More than a third of workers in a recent study got less than the recommended seven hours of sleep a night – and those in certain occupations were more likely to fall short.
36.5 percent of workers reported short sleep duration in the Center for Disease Control (CDC) study .
This matches the results from Gallup polls on sleep going back more than 25 years. In polls from 1990 through 2013, Gallup consistently found that 40 percent of Americans get less than seven hours of sleep.
The cost of sleep shortages
Falling short of the recommendation comes with severe costs to health, safety and the economy.
“Short sleep duration has been linked to various negative health outcomes including cardiovascular disease, obesity, and depression, as well as to safety issues related to drowsy driving and injuries,” study author Taylor Shockey said in a press release.
The report warns, “Workers in occupations with high prevalences of short sleep duration might be most at risk for sleep-related accidents and adverse health outcomes associated with short sleep duration.”
Combined with the economic costs (the CDC reports 1.2 million lost working days and up to a $411 billion cost to the economy each year), insufficient shut-eye should concern every employer.
Lack of sleep by occupation
Nearly 180,000 adults in 29 states took part in the telephone surveys. Researchers categorized workers into 22 major occupation groups. The groups where shift work is more common were more likely to report a shortage of sleep.
The five occupation groups where short sleep duration is most prevalent were:
- Production (42.9%)
- Healthcare support (40.1%)
- Healthcare practitioners and technical (40.0%)
- Food preparation and serving-related (39.8%)
- Protective service (39.2%)
At the other end, the occupations reporting the most sleep, with only 31.3 percent experiencing short sleep duration were: Education; training and library; and farming, fishing and forestry workers.

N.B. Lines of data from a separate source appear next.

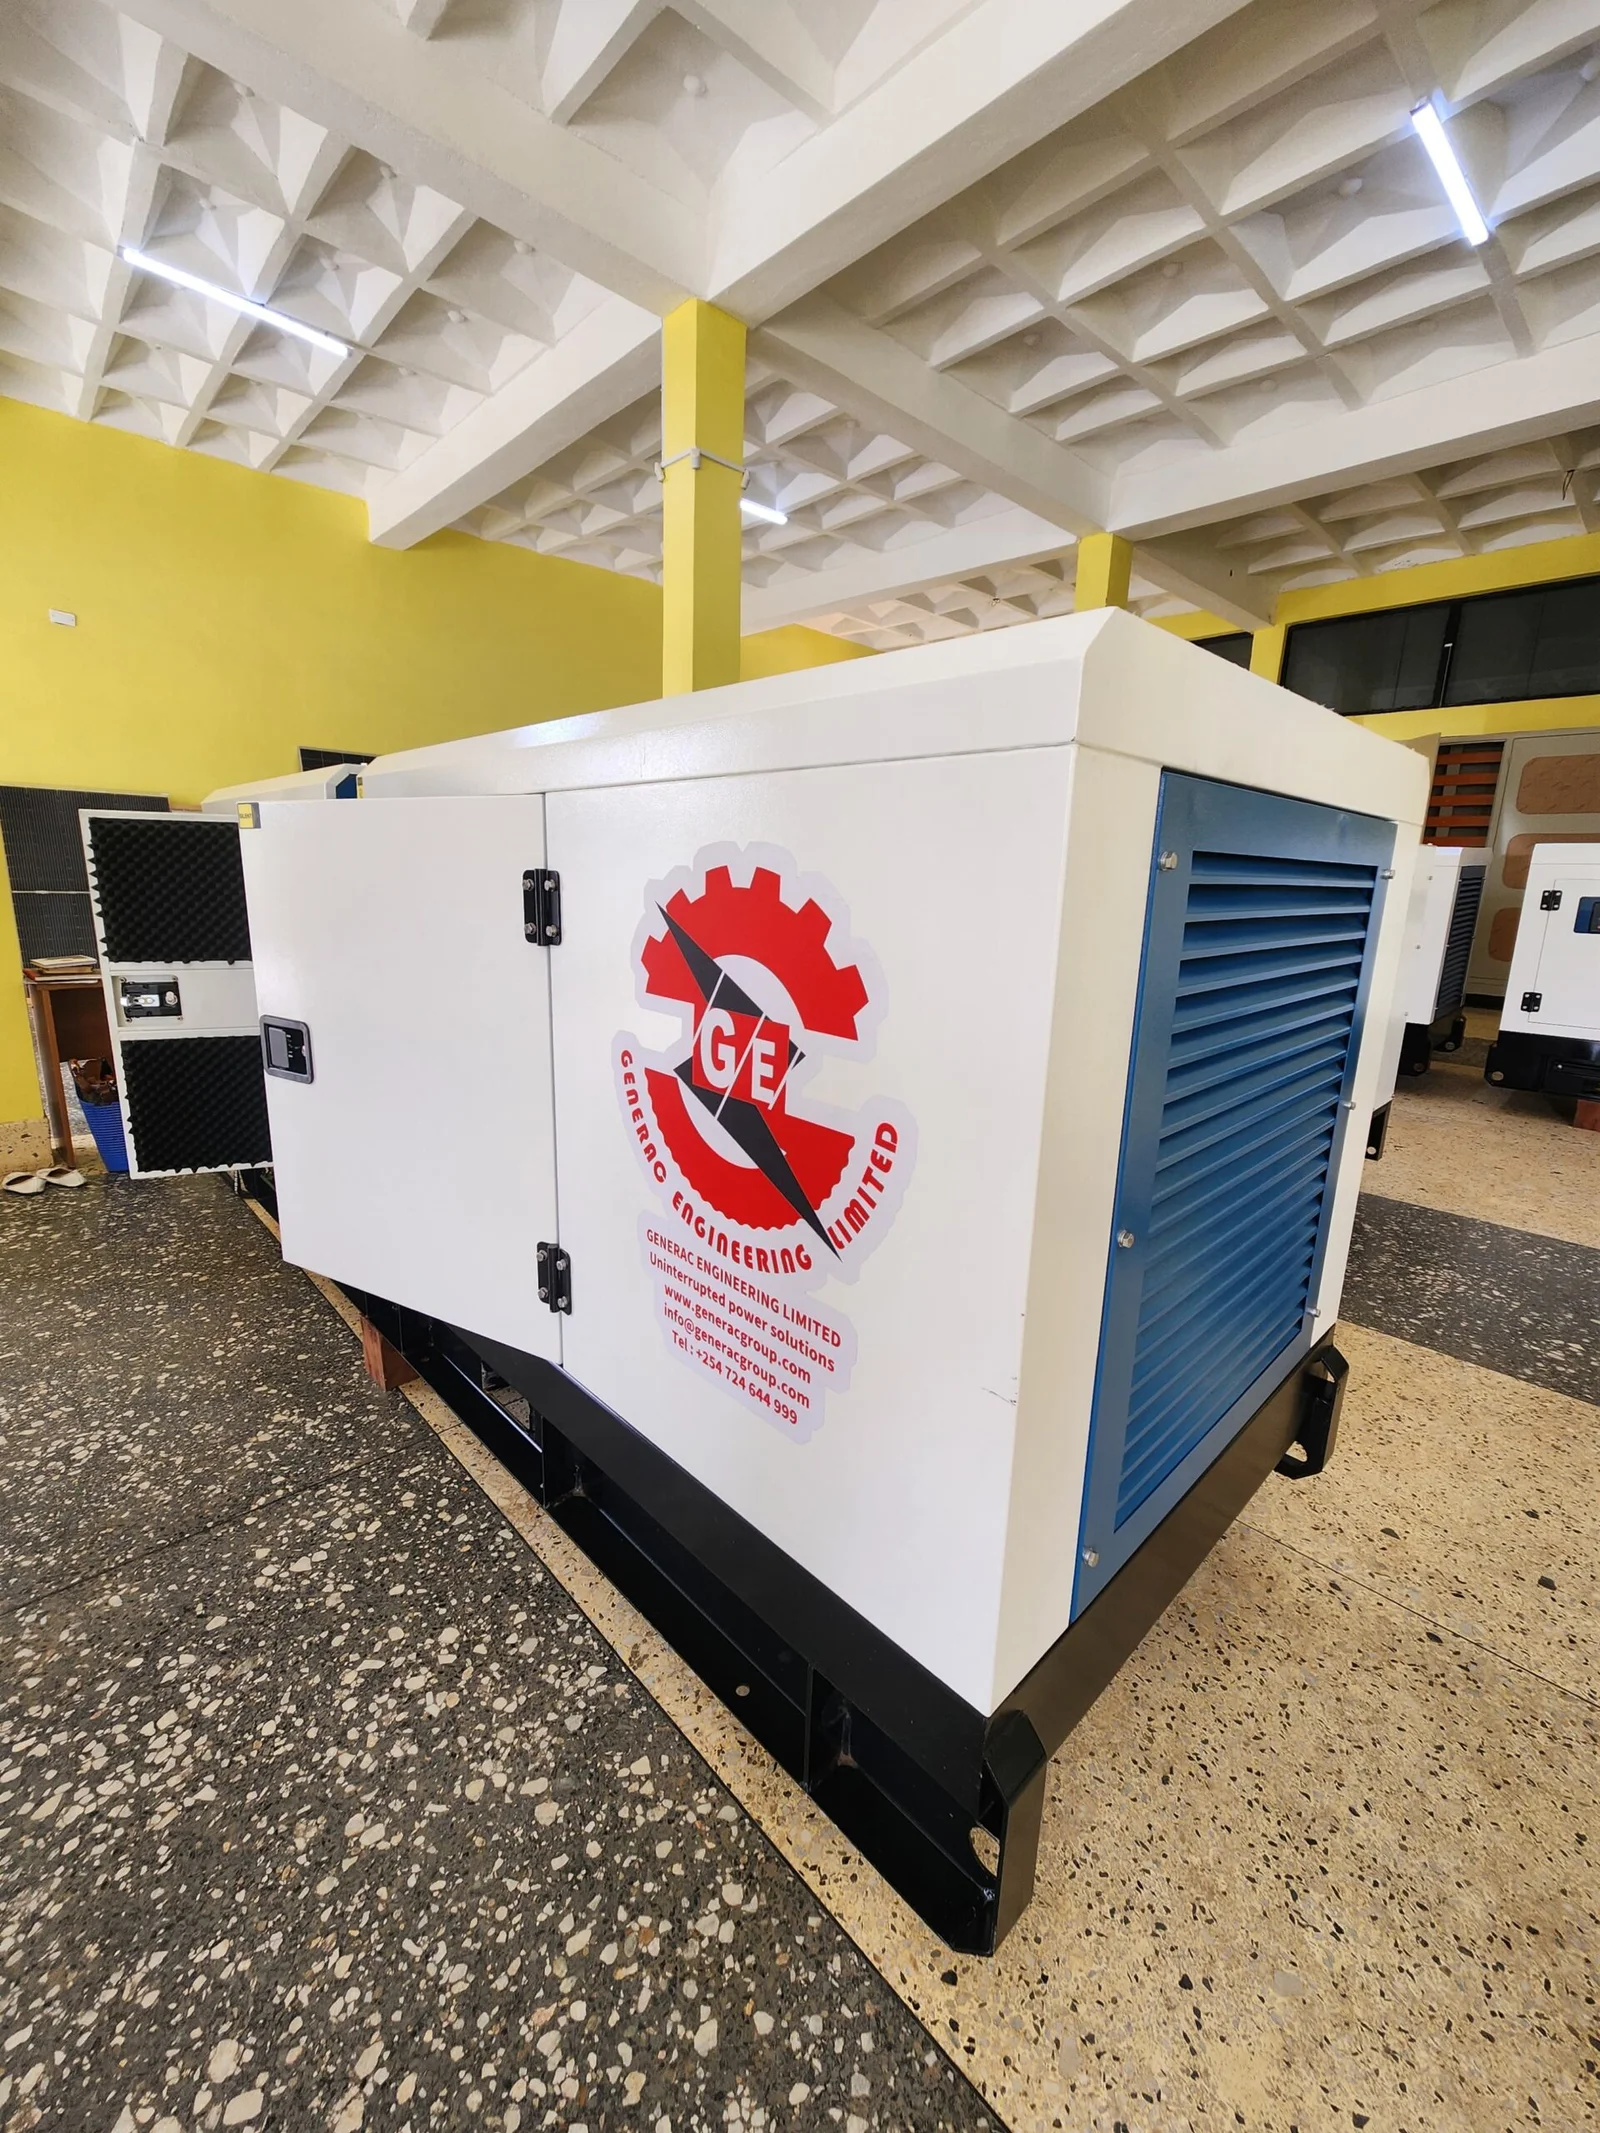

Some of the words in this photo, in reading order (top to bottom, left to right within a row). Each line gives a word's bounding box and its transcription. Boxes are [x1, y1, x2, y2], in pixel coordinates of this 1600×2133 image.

[619, 1048, 668, 1184] GENERAC
[671, 1190, 813, 1275] ENGINEERING
[827, 1120, 899, 1251] LIMITED
[646, 1228, 695, 1266] GENERAC
[696, 1255, 780, 1314] ENGINEERING
[783, 1303, 841, 1348] LIMITED
[649, 1251, 726, 1307] Uninterrupted
[728, 1299, 769, 1332] power
[770, 1324, 836, 1373] solutions
[664, 1283, 811, 1384] www.generacgroup.com
[663, 1302, 811, 1409] info@generacgroup.com
[696, 1348, 722, 1375] +254
[724, 1364, 747, 1391] 724
[748, 1381, 772, 1408] 644
[773, 1397, 798, 1425] 999
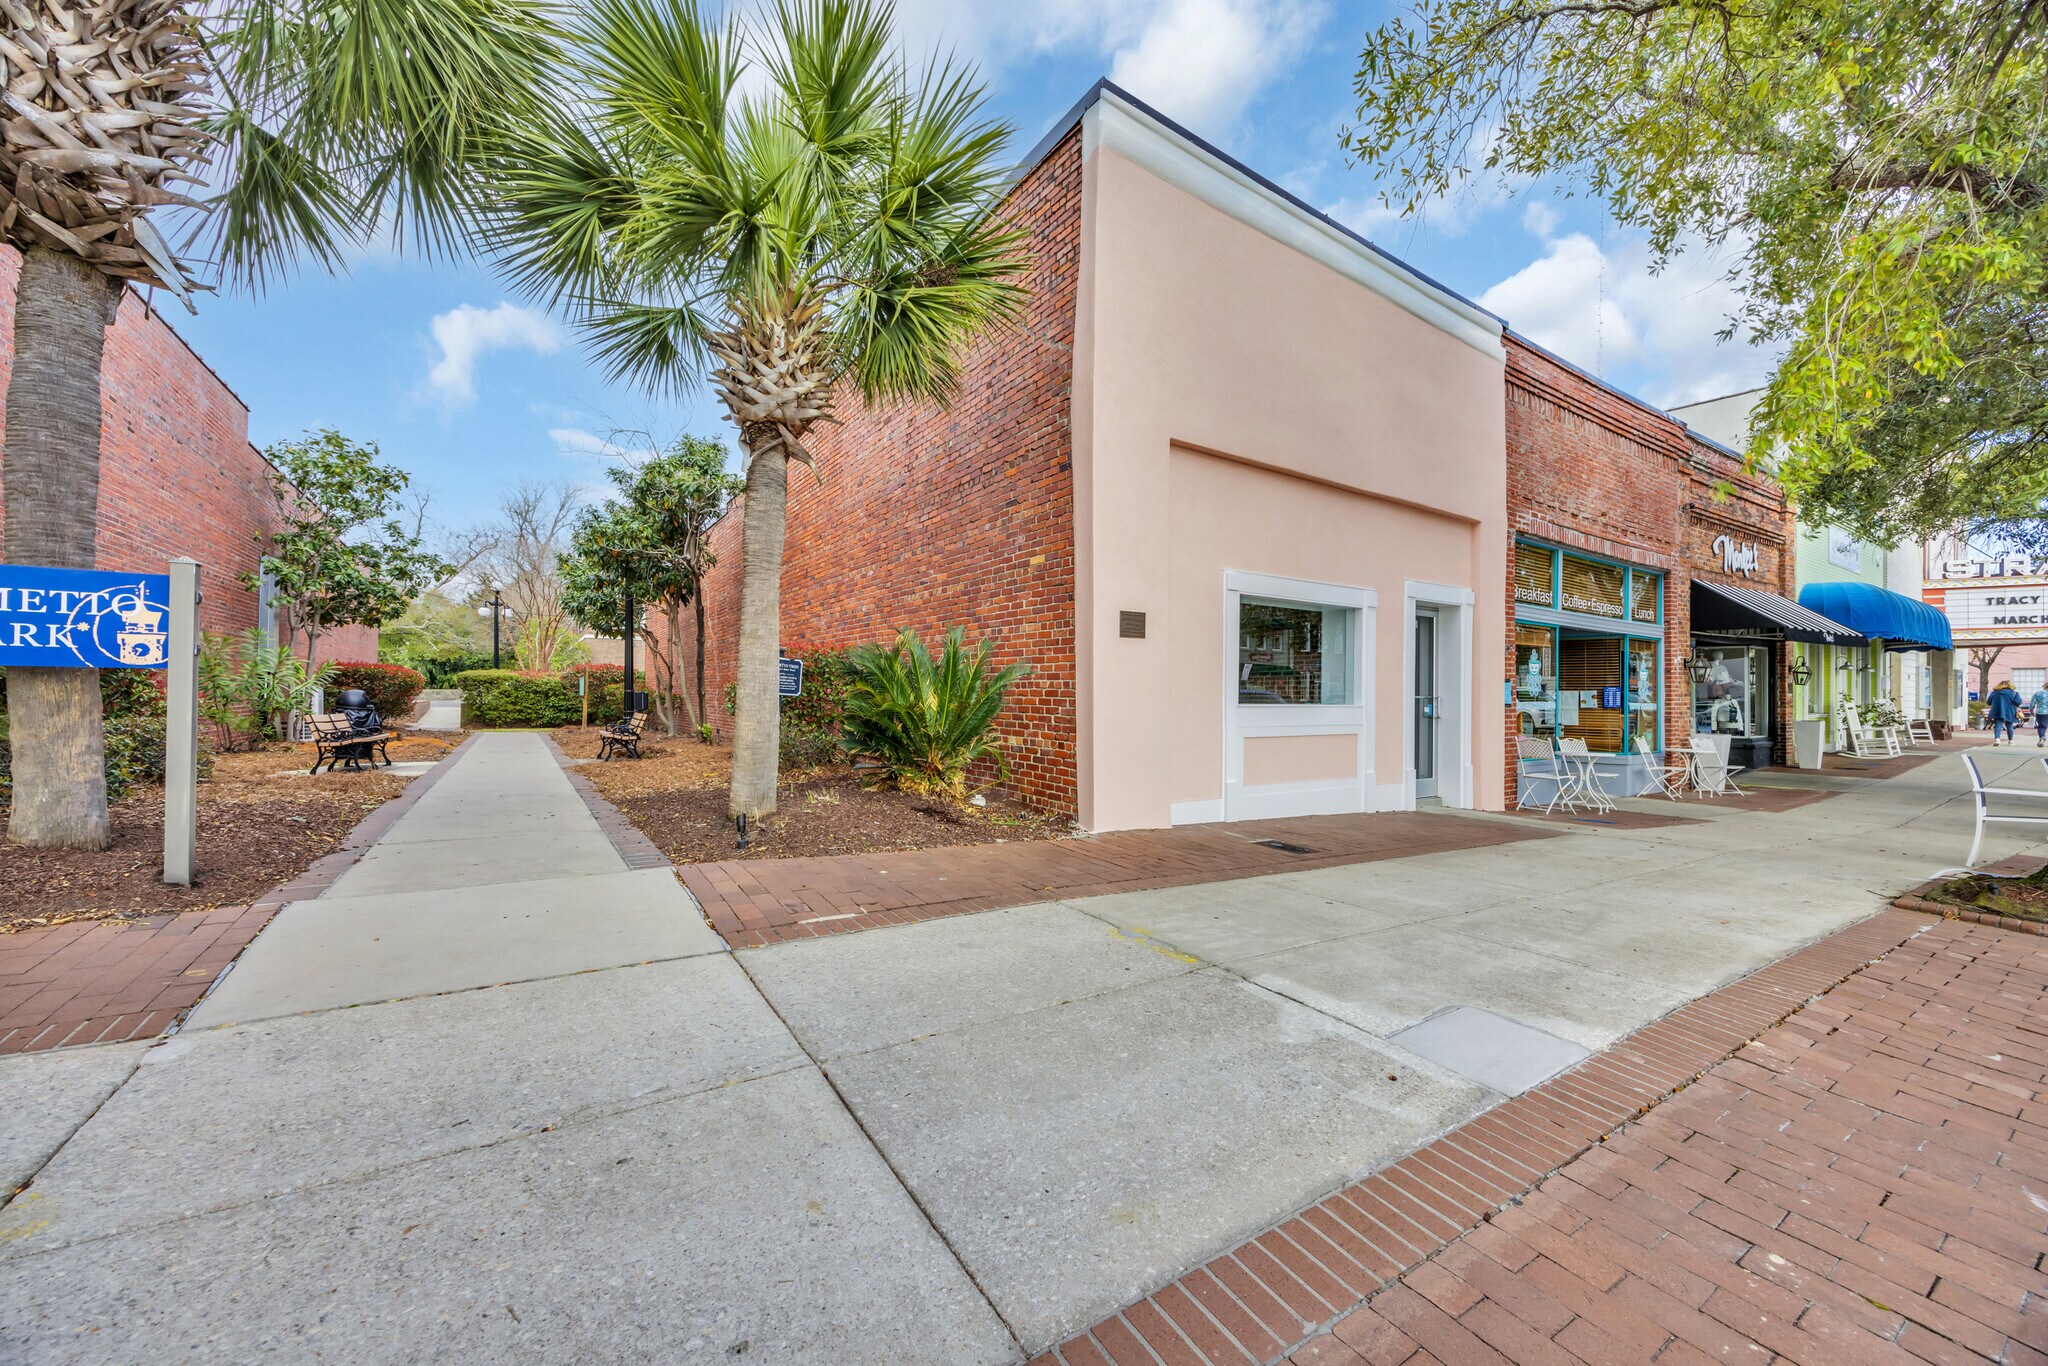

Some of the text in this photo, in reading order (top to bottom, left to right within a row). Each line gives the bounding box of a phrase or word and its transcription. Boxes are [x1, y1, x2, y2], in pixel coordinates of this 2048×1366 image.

[1985, 595, 2041, 606] TRACY
[1634, 604, 1655, 621] Lunch
[1993, 614, 2048, 625] MARCH
[0, 622, 78, 648] RK

Three recommendations for sleep-deprived workersSeven hours of sleep is the recommended amount for adults ages 18-60, based on findings from the American Academy of Sleep Medicine and the Sleep Research Society.
Obviously, you can’t control what your employees do at home, but you can take steps to encourage them to get enough sleep each night.
- Build awareness
At SFM, our safety and wellness committee simply asked employees to record their sleep times for four weeks, with the goal of helping them become more aware of how much (or little) they were typically sleeping. Anyone who participated was entered in a drawing for a prize.
- Adjust the work environment
In some cases, working conditions can contribute to employees’ poor sleep habits. Does your company culture encourage employees to be responding to email messages during off hours? Do employees have to take on extra shifts due to low staffing? Even the brightness of the work environment can help.
- Help employees learn
Help employees learn how to get better quality sleep by offering educational opportunities like seminars at the office, articles on your intranet or informational email messages. See more ways to improve sleep hygiene at the American Academy of Sleep Medicine’s Sleep Education website .
Sleep is often undervalued and overlooked. Emphasizing the benefits of sleep at your workplace will encourage your employees to go from sleep-deprived to well-rested.